How to Become a Home Health Aide
Home health aides make a remarkable difference in the lives of the sick, disabled and elderly. By assisting with personal tasks such as dressing and bathing, and helping to keep homes safe and clean, they allow those who would otherwise need a higher level of care the opportunity to live on their own. They also arrange leisure activities and transportation for clients so that they can remain engaged in their communities. Some states also allow home health aides to administer medication or check vital signs under the supervision of a healthcare practitioner. The opportunity to improve the quality of life for those in need through hands-on care and contact is rare indeed, particularly with the low educational threshold required to enter this rewarding field of work.
Working as a home health aide (HHA) does not always mean working in a private home. Clients may reside in retirement communities, assisted living facilities, group homes, or other transitional housing. Regardless of where they work, most HHAs care for a single client at a time, but may have several clients to visit in one day. They are usually supervised by a patient’s healthcare provider and sometimes by a patient’s family members. Case length may vary from a few weeks to many years. Shift work is sometimes necessary.
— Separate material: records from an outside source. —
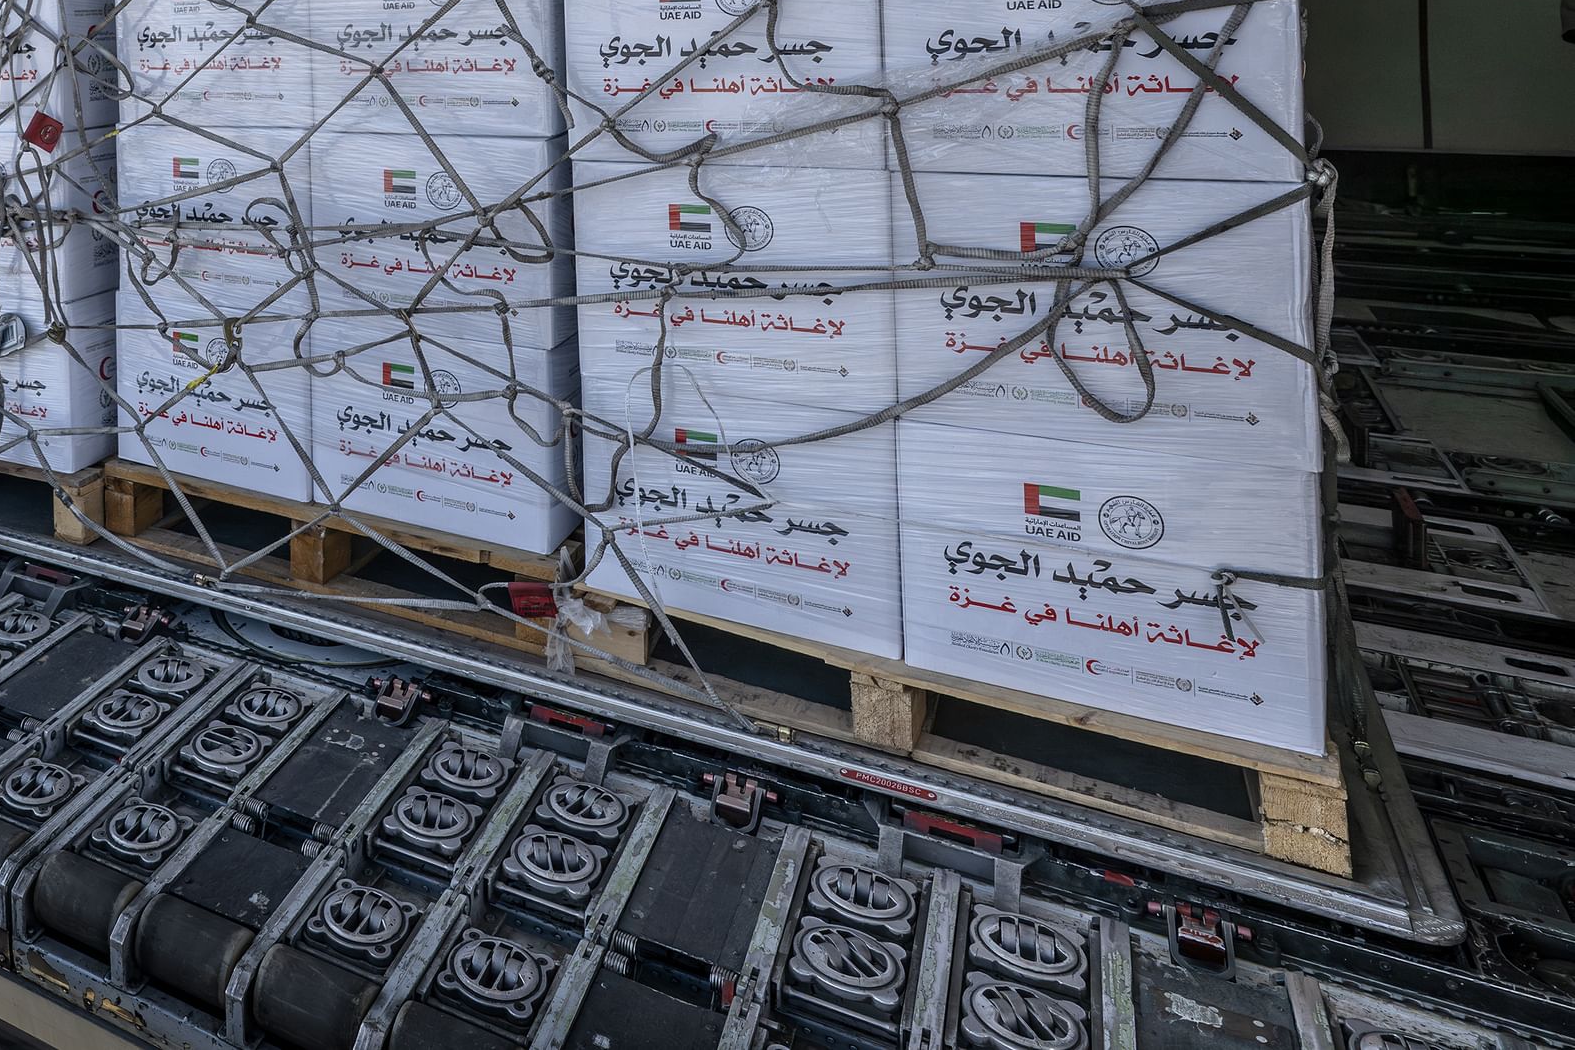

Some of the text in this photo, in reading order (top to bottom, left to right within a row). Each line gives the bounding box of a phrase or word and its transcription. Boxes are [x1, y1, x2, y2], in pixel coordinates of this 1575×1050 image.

[660, 12, 681, 20] UAE
[1007, 0, 1061, 11] UAE AID
[137, 21, 233, 51] حميد الجوي
[337, 22, 392, 51] الجوي
[926, 26, 1020, 65] الجوي
[599, 34, 833, 68] جسر الجوي
[140, 56, 281, 74] لإغاثة في غزة
[407, 57, 517, 76] لإغاثة أهلنا
[603, 75, 745, 100] أهلنا في غزة
[1006, 78, 1038, 100] في
[402, 201, 416, 209] AID
[669, 240, 711, 250] UAE AID
[341, 252, 516, 284] لإغاثة في غزة
[940, 286, 1036, 321] الجوي
[615, 301, 845, 338] لإغاثة أهلنا في غزة
[173, 358, 198, 370] UAE AID
[1020, 340, 1135, 366] أهلنا في
[10, 377, 46, 396] جسر
[136, 371, 179, 395] الجوي
[383, 393, 414, 405] UAE AID
[172, 411, 277, 443] لإغاثة أهلنا في
[337, 406, 391, 434] الجوي
[340, 440, 513, 487] لإغاثة أهلنا غزة
[675, 464, 697, 475] UAE
[776, 518, 849, 546] جسر
[1026, 525, 1081, 542] UAE AID
[675, 531, 850, 579] لإغاثة أهلنا في
[943, 541, 1040, 580] الجوي
[1052, 559, 1156, 601] حميد
[949, 586, 1259, 659] لإغاثة أهلنا في غزة
[856, 772, 921, 795] PMC20026BSC
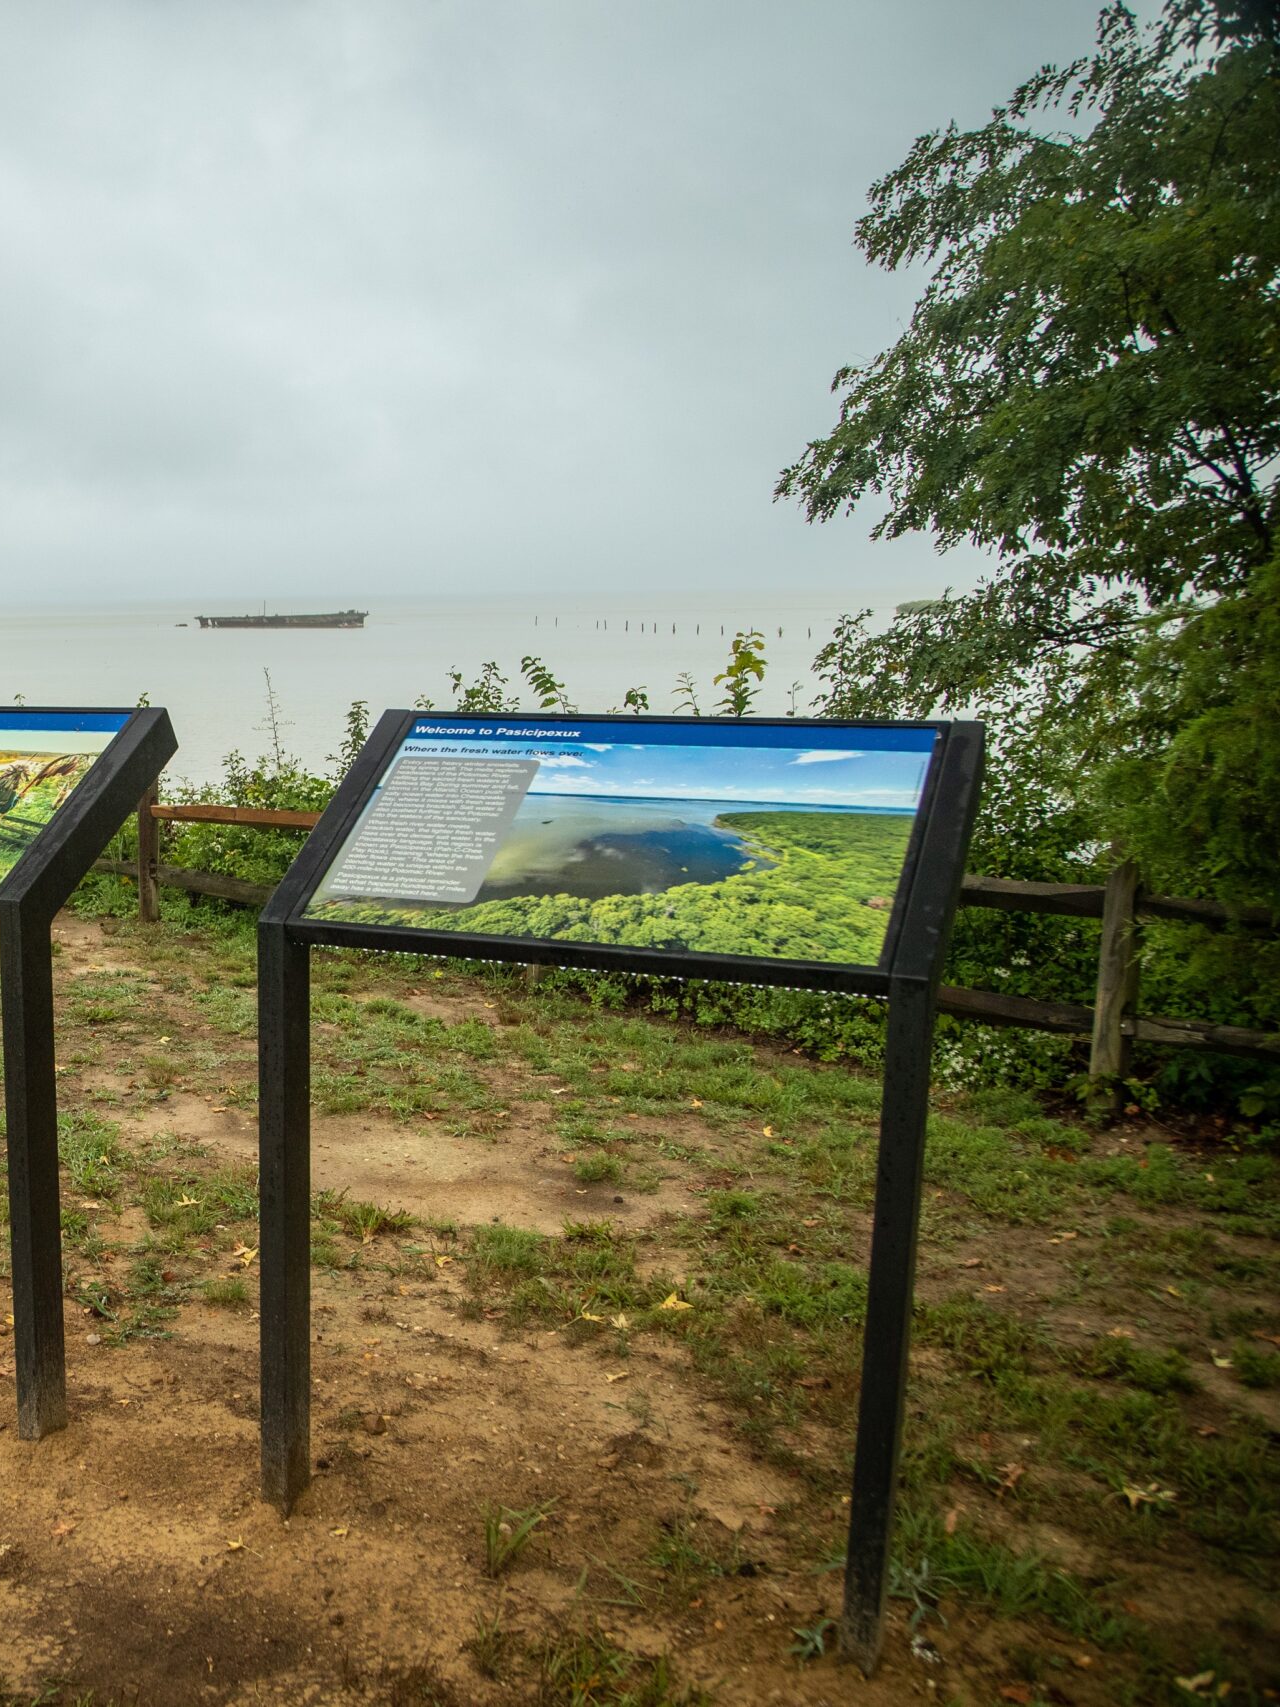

There is no standardized educational requirement for HHAs. In some states, not even a high school diploma or equivalent is required. Other states require HHAs to take preparation classes (usually offered at community colleges or vocational/technical schools) before they begin working.
HHAs are taught by other HHAs, healthcare professionals, or family members, and learn their skills on the job. Each client has unique needs, so HHAs may have to train for a few hours or several days, depending on the complexity of the case. Some employers, such as government-certified home care agencies, provide training classes and require employees to pass a test before starting their first assignment.
Licensing and/or Certification
HHAs do not hold licenses but many employers prefer them to be certified. The certification process requires passing an exam after 75 hours of training and skills testing; more about the certification process can be found at the National Association for Home Care and Hospice.
Necessary Skills and Qualities
Home health care labor can be physically difficult, so strength and good health are necessary. HHAs must have patience, dependability, good interpersonal skills, and be able to manage their time efficiently. According to the US Department of Labor (DOL), HHAs sustain on-the-job injuries and illnesses at a higher-than-average rate than people in other occupations.
Opportunities for Advancement
Those HHAs with many years of experience and a wide variety of skills can move into positions supervising or educating other HHAs. Those with a high school diploma can further their education and training to become medical assistants, nurses, or other health professionals. A non-certified HHA with less than a high school education will have fewer opportunities for advancement.
The median annual salary reported by DOL for HHAs in 2010 was $20,170, which is equal to over $9.00/hour. Certified HHAs may make more. Legislation is under way to put universal wage protection measures (including guaranteed minimum wage and overtime pay) into place, as currently only about half of US states offer it.
There will be no shortage of jobs for HHAs in the near future. Government projections are for about a 70% job growth over the next ten years, mainly due to an increasing number of elderly citizens who will need services. Jobs are more readily available for certified HHAs.